• Nós por Cá

    domingo, 21 de setembro de 2014

    A caçada e a fonte do bairro Novinho

    Fugiu-lhe a estrema por debaixo dos pés e, num instante apressado, fez-se dia sem sol. Um pé-de-vento leve, como fanfarra que anuncia, veio e agitou as vergônteas que se davam em gemidos e choros. Por cima de tudo impôs-se uma sombra estendida e bufada, muito negra, que corria pelo termo a fazer a terra escura.
    Seguiu-se uma brisa fresca e húmida que veio afagar-lhe o corpo onde a roupa faltava, metendo-se até com as frestas de nudez no intervalo dos botões. Espreitou submisso as alturas e sentenciou um rogo perseverante; com o milenar saber de gente iletrada mas que lia no livro da natureza com máxima ciência:
    "Se viesse apagava todo o encalço!... Traz água em barda!
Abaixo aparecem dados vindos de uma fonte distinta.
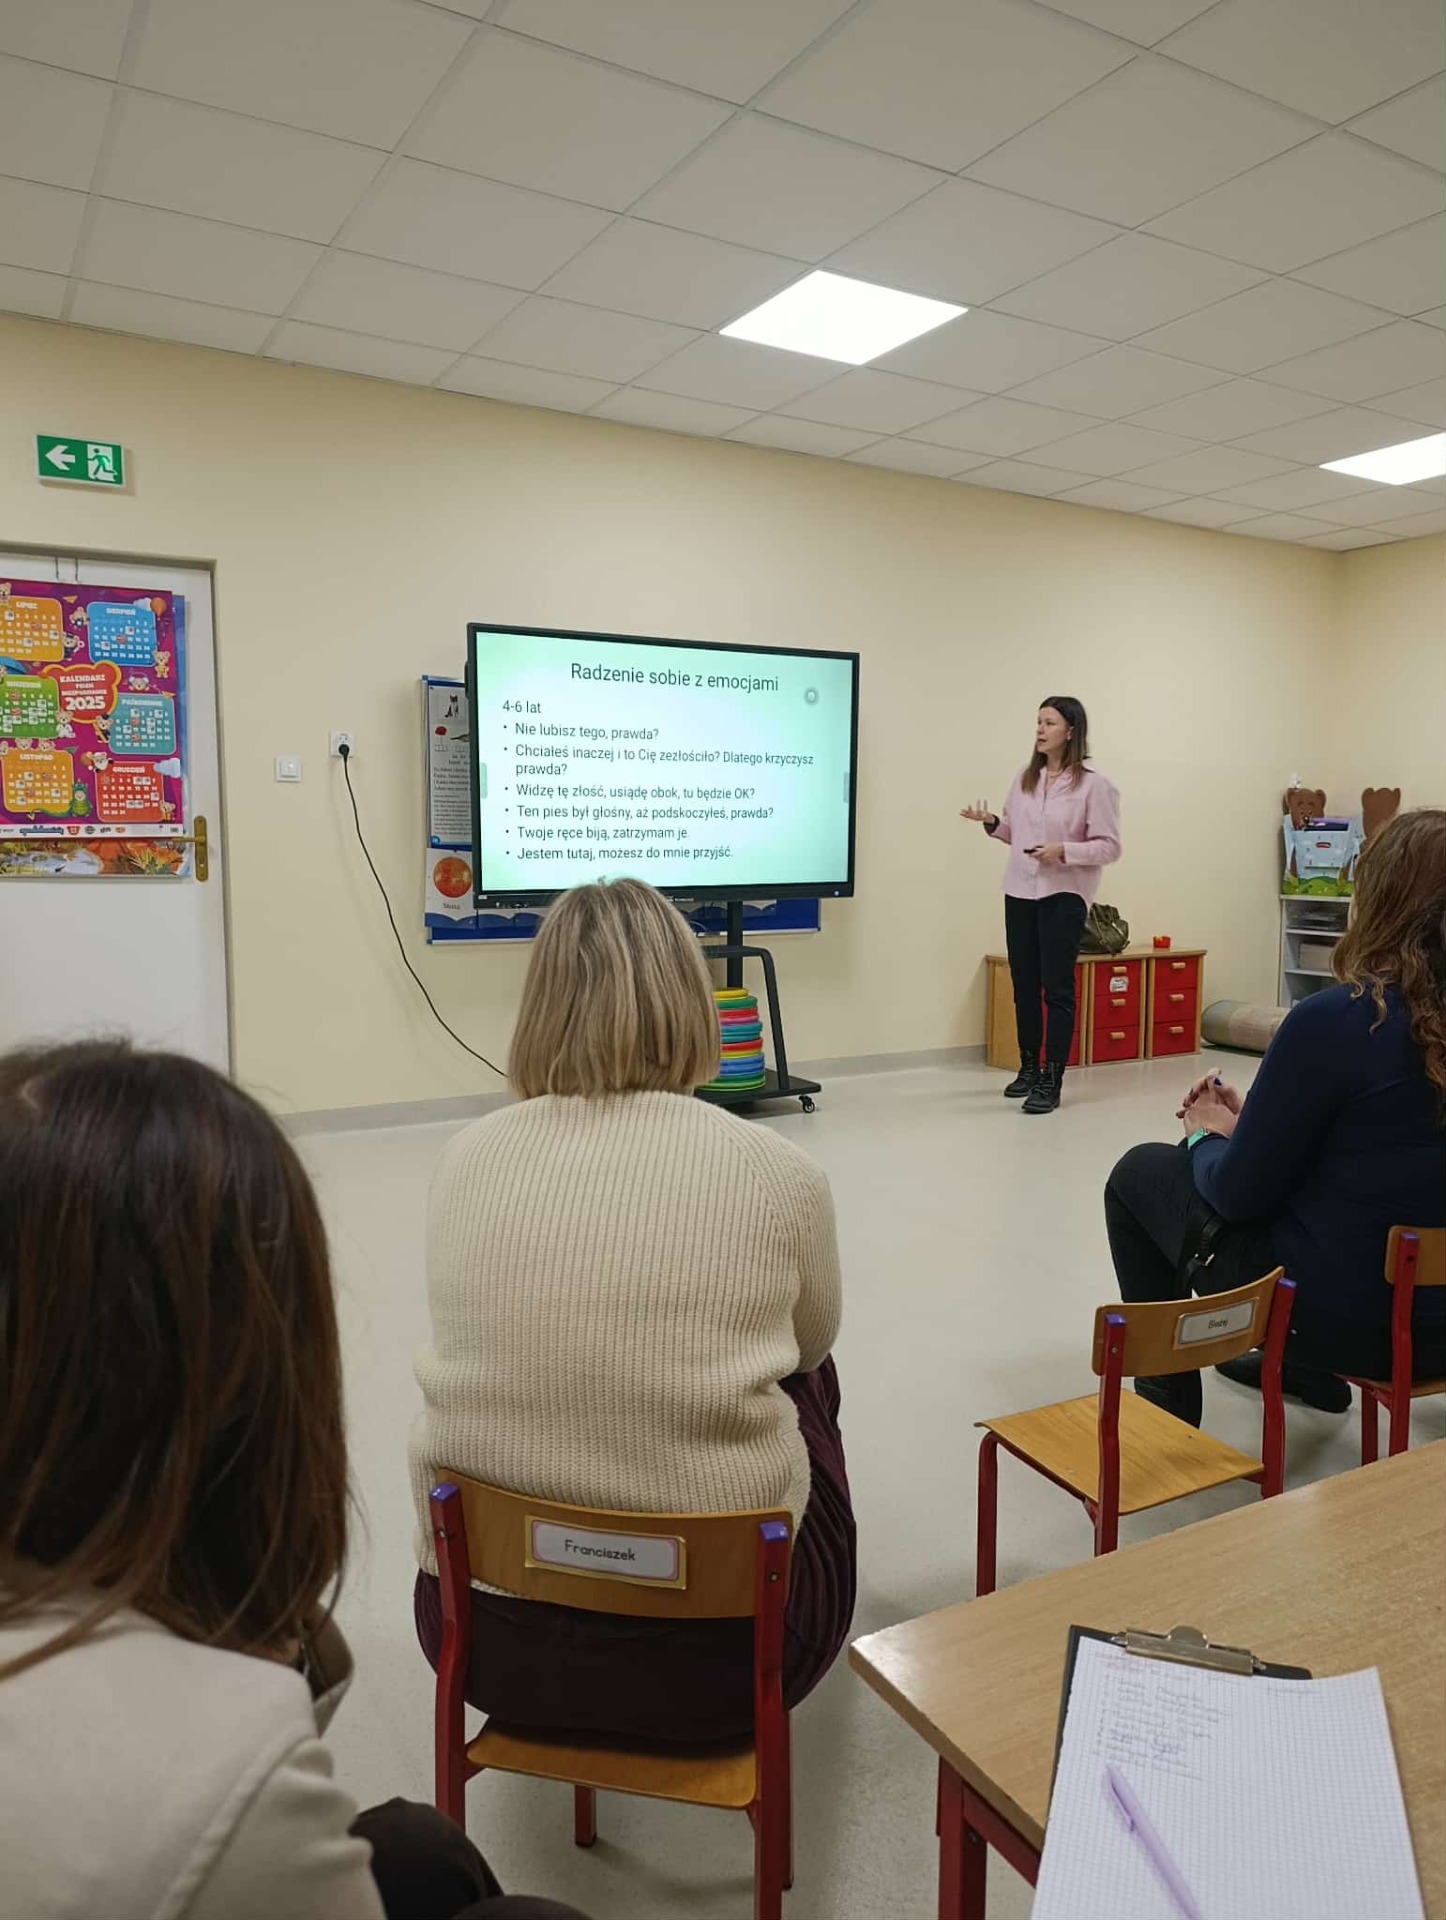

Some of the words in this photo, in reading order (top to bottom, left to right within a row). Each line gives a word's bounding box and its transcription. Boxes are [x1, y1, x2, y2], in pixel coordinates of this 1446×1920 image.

Vem carregadinha. Se ela caísse de mansinho sem levantar vento forte que partiria as gumelantas tenras é que era!... Um mimo para tudo,... Uma molha bem apanhada! O sequeiro está a estalar com sede umas pingas agora vinham empertigar a gradura toda! e, umas pingas com calor até faziam saltar a erva!”
    Aquela sombra enfunada a criar formas disformes impunha-se gorda como um sapo ondulante empertigado, tudo ensombrava. Apaga o sol das leiras cortadas em tiras do fundo ao cimo: para terem olga, seara e monte; ponteadas por marcos de pedra compridos, enterrados a pino com guardas para proteger da relha e mostrar que era obra humana, marcavam a posse onde as aves, por vezes, vinham espenujar-se. Campos retalhados pela herança e talhados ao través pelo rego da água que mitigava a secura e benzia o zelo e os cuidados de mãos calosas, com dedos gretados e unhas de trabalho.
    Um volume, maior que tudo, que se transfigurava e eternizava nas pequenas cabeças onde se projetavam imagens que se gravavam na alma como grãos de sagrado num entendimento ainda tenro, a exercitar a imaginação em busca de nóumeno.
    Ondeava suspenso em andanças aquele fumo de lenha bem verdonga,-- a enganar o relógio das galinhas a querer poleiro--, envolvido por um aro raiado de cabeça de imagem santificada espectral. Um dourado solar que se contemplava com um olhar de subtelha na aba da grande sombra cheia de vida, de mar que vinha de longe regar aquele mar de terra que era a vida de todos.
    Foi ouvida a sua prece, afastou contente o braço em aspas, asa do corpo, e desprendeu-se da mancheia das ervas que se prostraram num montículo verde no castanho da terra lavrada. Recebeu gotas e depois os respingos com agrado até lhe estendeu as mãos abertas em agradecimento. Ripou um pedacinho do caule rijo de uma ervinha que colocou ao canto da boca para enganar o corpo e deixar a mente livre.
    Foi-se encostando ao madeiro de um velho castanheiro esquelético e tenaz de alma carcomida que observava e escutava, desde sempre, as conversa das mulheres e o murmurar dos namorados que segredavam baixinho numa voz ternurenta e rouca seu amor: Não se pode dizer o que é o amor por ele não caber em palavras, mas ele corre, corre e é sabido que o maior de todos é o impossível. Quando os apaixonados não se podem ver, falar e tocar, por impedimento maior que a energia da transgressão, ficam a ferver por dentro momentos, dias, meses, anos, ou até vidas, digladiando-se e digladiam-se a entre a tortura e esperança. Quando a esperança fraquejava e a tortura se impunha ouviam-se lágrimas no coração enquanto ele fraquejava num desfalecer e ia morrendo...morrendo para aquilo que seria a sua cura... ontem tal como hoje...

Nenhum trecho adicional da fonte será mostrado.